Monday, Oct. 17, 1983
EXPECTING. Jerry Hall, 27, towering Texan supermodel, and Mick Jagger, 40, strutting, mugging lead singer of the world's most enduring rock-'n'-roll band, the Rolling Stones; their first child; in February. Jagger, who has two daughters, Karis, 12, by American Singer Marsha Hunt, and Jade, 11, by his ex-wife Bianca Jagger, does not intend to marry Hall. Said the legendary "street-fightin' man" last week: "I think stability, comfort and marriage are very well for other people. But in this business I don't think you can have that and still be creative."
ARRESTED. Steven Todd Jenkins, 18; on charges that with his father, James Lee Jenkins, he ambushed and killed two officials from the bank that had foreclosed on the family's ten-acre Ruthton, Minn., farm; in Paducah, Texas. A frustrated, divorced farmer who had struggled for years to run a successful agricultural operation, James Lee apparently decided to take vengeance on Bank President Rudolph Blythe. The Jenkinses had returned to Minnesota from Texas, where they had been living in near poverty. Blythe and Loan Officer Deems Thulin were lured to the farm to meet with Jenkins two weeks ago and were gunned down. The Jenkinses fled back to Paducah, where the father apparently killed himself with his shotgun and the son surrendered to police.
SENTENCED. David Gilbert, 40, Judith Clark, 33, and Kuwasi Balagoon, 36, radical gang members convicted of the murders of a guard and two police officers in the $1.6 million Brink's armored-car robbery of October 1981; each to a minimum of 75 years in prison; in Goshen, N.Y. The would-be revolutionaries will serve three consecutive terms of 25 years to life.
DIED. Terence Cardinal Cooke, 62, Archbishop of New York; of acute myelomonoblastic leukemia; in New York City. The genial, owlish New York native succeeded his mentor, the commanding Francis Cardinal Spellman, and quickly adopted a more conciliatory managerial style, in keeping with the decentralizing principles of Vatican II. An anti-Communist who served as military vicar to the U.S. armed services' 2 million Roman Catholics, the Cardinal last year abandoned his usual quiet role among fellow prelates to oppose the majority of American bishops in their call for nuclear disarmament. Cooke used the occasion of his approaching death as a means of pastoral teaching, announcing that his condition was terminal shortly after he learned the news in August. In an open letter completed only days before his death, Cooke reiterated the prolife, antiabortion views he had long preached, saying, "The gift of life, God's special gift, is no less beautiful when it is accompanied by illness or weakness, hunger or poverty, mental or physical handicaps, loneliness or old age."
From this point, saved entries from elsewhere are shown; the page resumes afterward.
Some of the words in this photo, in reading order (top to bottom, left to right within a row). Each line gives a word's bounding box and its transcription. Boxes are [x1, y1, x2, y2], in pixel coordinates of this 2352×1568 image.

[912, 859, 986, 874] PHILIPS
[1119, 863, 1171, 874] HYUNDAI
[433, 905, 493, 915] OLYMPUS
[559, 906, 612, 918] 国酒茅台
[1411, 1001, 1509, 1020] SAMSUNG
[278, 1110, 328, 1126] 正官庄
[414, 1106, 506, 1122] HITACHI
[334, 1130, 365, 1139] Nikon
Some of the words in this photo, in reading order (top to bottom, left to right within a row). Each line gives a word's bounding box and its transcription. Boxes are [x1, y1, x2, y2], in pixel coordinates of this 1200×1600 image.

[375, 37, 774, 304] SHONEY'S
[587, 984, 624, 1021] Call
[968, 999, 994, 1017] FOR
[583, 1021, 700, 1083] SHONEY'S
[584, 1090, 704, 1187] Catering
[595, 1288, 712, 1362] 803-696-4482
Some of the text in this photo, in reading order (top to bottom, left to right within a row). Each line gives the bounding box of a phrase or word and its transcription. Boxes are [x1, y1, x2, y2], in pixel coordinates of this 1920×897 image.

DIED. Lucille Armstrong, 69, fourth wife of the late Louis Armstrong, who since her husband's death had continued as a globetrotting good-will ambassador for American jazz; of cardiac arrest; while visiting Boston. The couple met when Lucille was a dancer at Harlem's Cotton Club and were married for 31 years, until Satchmo's death in 1971.
DIED. Earl Silas Tupper, 76, self-described "ham inventor" who developed an unbreakable, flexible, shape-retaining polyethylene that, when molded into a variety of colored dishes, bowls and air-tight containers, became Tupperware; of a heart attack; in San Jose, Costa Rica. Notably tightfisted, Tupper, who founded his company in 1942, was the sole shareholder and personally designed and manufactured his products in his own factories. He also conceived the still popular "Tupperware party," a direct-sales technique launched in the 1950s, which he used to sell his line to groups gathered in the home of a neighbor. Tupper sold his corporation to Rexall in 1958 for an estimated $9 million and remained board chairman until 1973.